The impact of cross or ambiguous laterality issues
Cross laterality means that when we test the hands, feet, eyes and ears for dominance there will be a mix of left and right answers. In some cases, a person will be able to perform equally well with either hand or foot and they would be classified as having ambiguous laterality. Either situation can mean that the brain has to work harder to handle incoming signals. Children with learning difficulties often complain of extreme tiredness. Processing sensory information is simply not happening in the most efficient manner.
We expect a certain amount of ambiguity in a child up to the age of 7-8 years, but after demyelination around this age, when the brain prunes away those neural connections that are no longer useful, we should see the same choice of side for each action.
The brain is very adaptable, it functions with neural plasticity and although there are locations in the brain with defined sensory processing centres, for instance the left hemisphere is home to the major speech and language processing areas, there are other parts of the brain which can also process speech and language.
The role of the leading ear
If your right ear is the leading ear, or dominant ear, it prefers to pick up the auditory signals and sends the information across the corpus callosum to be interpreted in the left hemisphere.
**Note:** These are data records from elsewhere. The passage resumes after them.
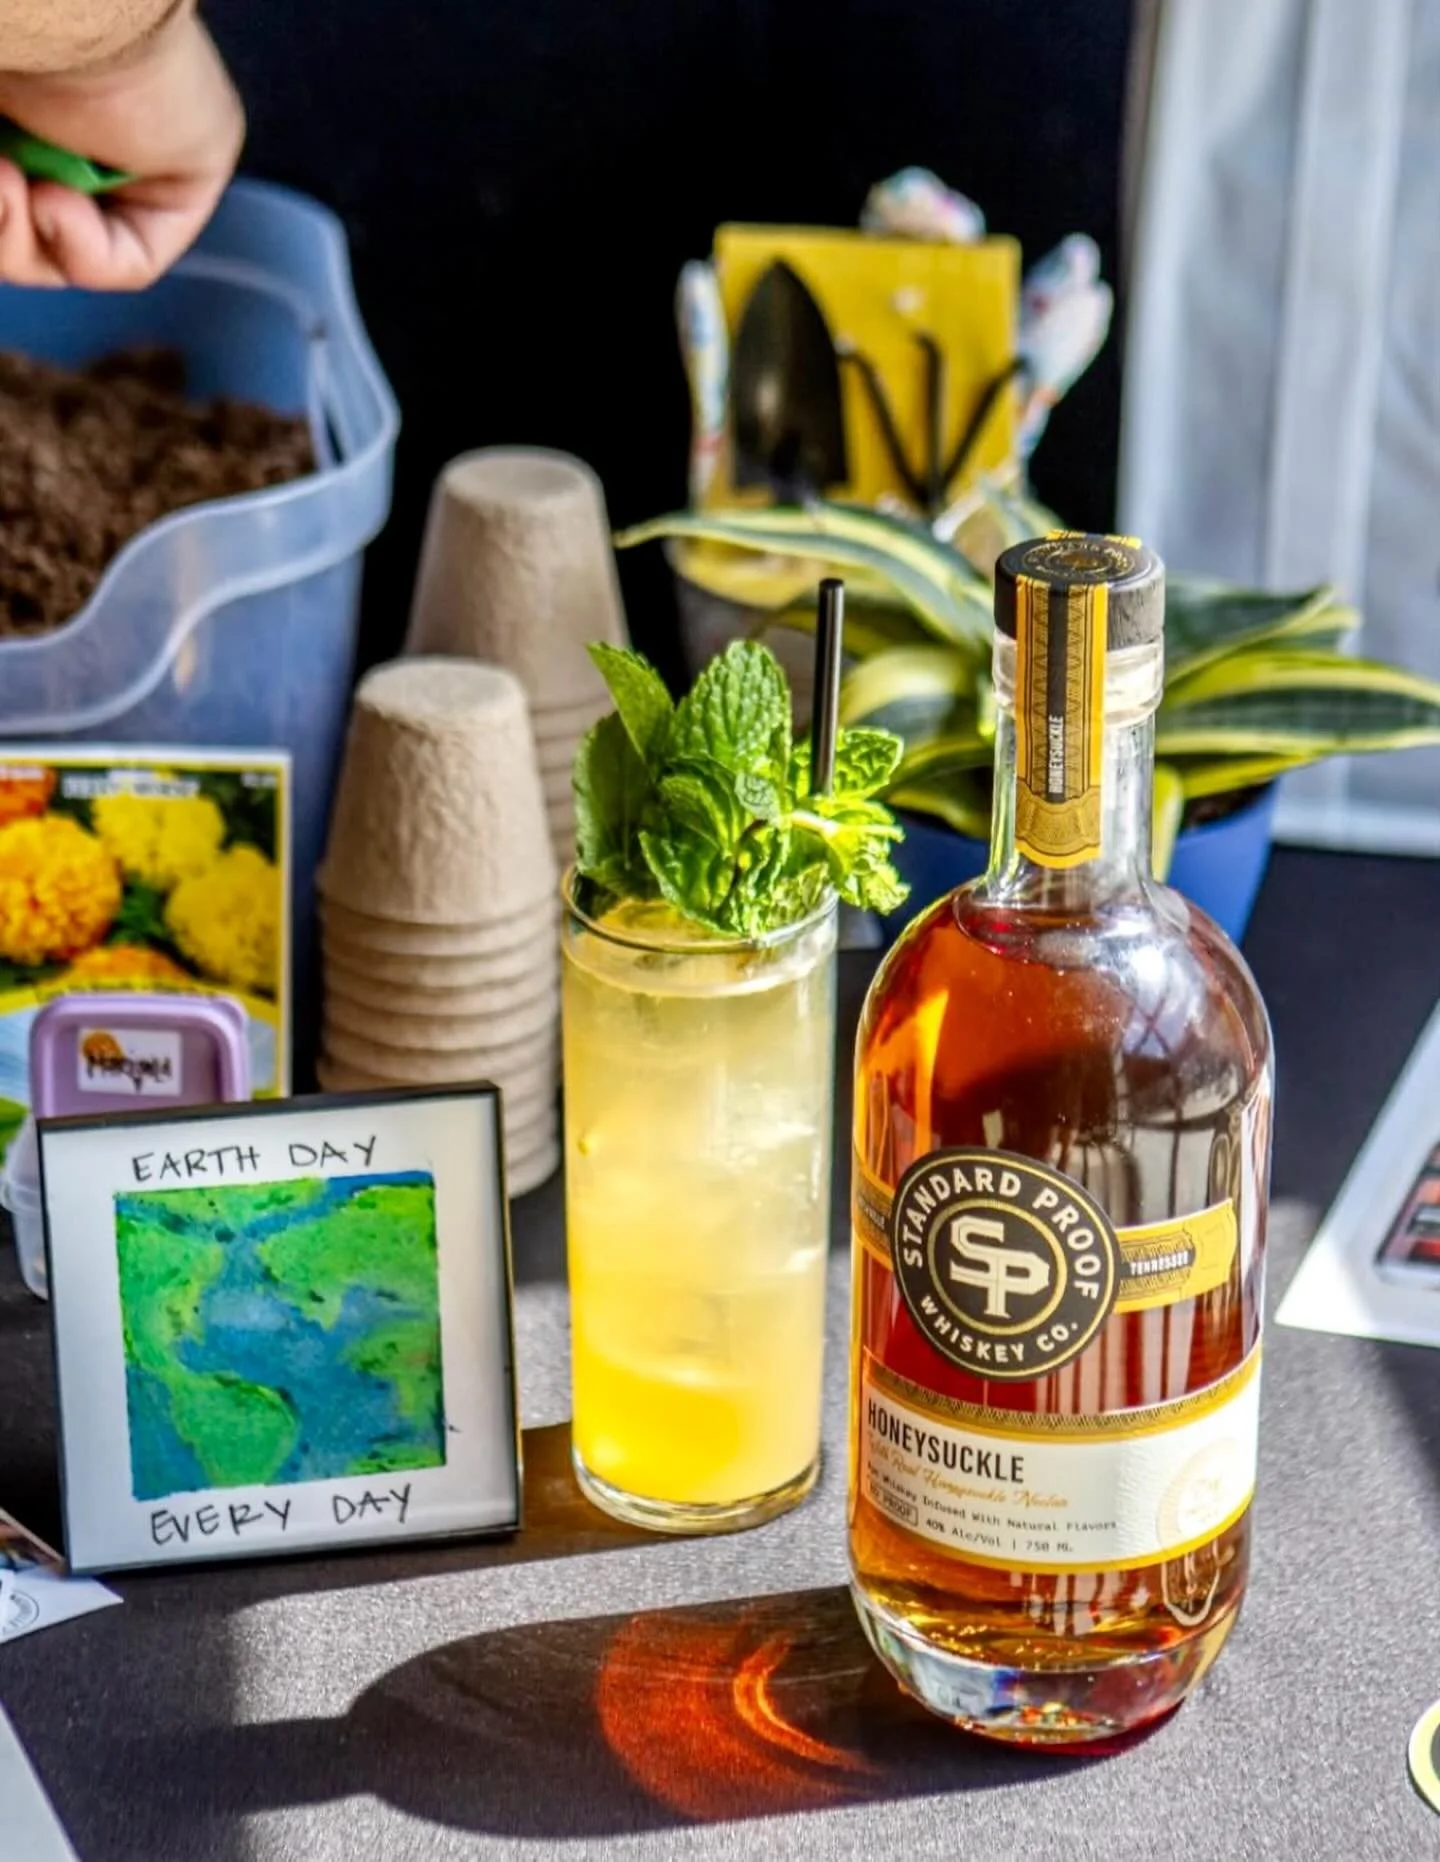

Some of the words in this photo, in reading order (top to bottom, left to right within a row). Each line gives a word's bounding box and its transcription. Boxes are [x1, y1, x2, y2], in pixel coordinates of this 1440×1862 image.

[1048, 714, 1064, 794] HONEYSUCKLE
[132, 1145, 261, 1182] EARTH
[288, 1135, 376, 1168] DAY
[903, 1167, 1022, 1270] STANDARD
[1032, 1187, 1101, 1300] PROOF
[1129, 1249, 1189, 1277] TENNESSEE
[920, 1295, 1025, 1363] WHISKEY
[1036, 1321, 1079, 1352] CO.
[867, 1396, 1025, 1484] HONEYSUCKLE
[151, 1499, 292, 1546] EVERY
[332, 1483, 412, 1526] DAY
[922, 1494, 966, 1519] Infused
[1007, 1517, 1058, 1532] Natural
[1066, 1521, 1118, 1533] Flavors
[925, 1518, 946, 1534] 40%
[951, 1526, 1001, 1549] Alc/Vol
[1026, 1540, 1050, 1553] 750
If your left ear is dominant, the signals received will be processed in the right hemisphere first, where interpretation is adequate but once the input is more complex, the information will need to be referred to the left hemisphere afterwards for full understanding. In fact, signals will be dancing across the hemispheres all the time, as you will have input from the eyes and the proprioceptive feedback from your body placement as well.
There are many aspects to the jigsaw of learning or comprehension dysfunction and cross-laterality indications are just some of the pieces we look for, to try and understand what is going on for that person. Some children (and adults) experience confusion when they feel that their comprehension levels are poor. They can hear well, but they can neither retain details well, nor cope when a lot of information is fired at them.
How do we find out which is the leading ear?
During an assessment for the Johansen programme there are monaural and dichotic audiometric tests to perform which help determine which is the leading ear. On the audiogram for the threshold hearing test, you can often see the plot lines for the readings cross over each other on the trajectory from 250-8000 Hz. This is another indicator that the auditory processing is not operating smoothly.
All the results are input into the specialist music software so that individualised compositions can be made, facilitating new neural pathways to grow for a better processing of sound for the client.
Orton, S. T. (1925), ‘“Word-blindness” in school children’. Arch. Neur. Psychiat, 14, 5, 581–615.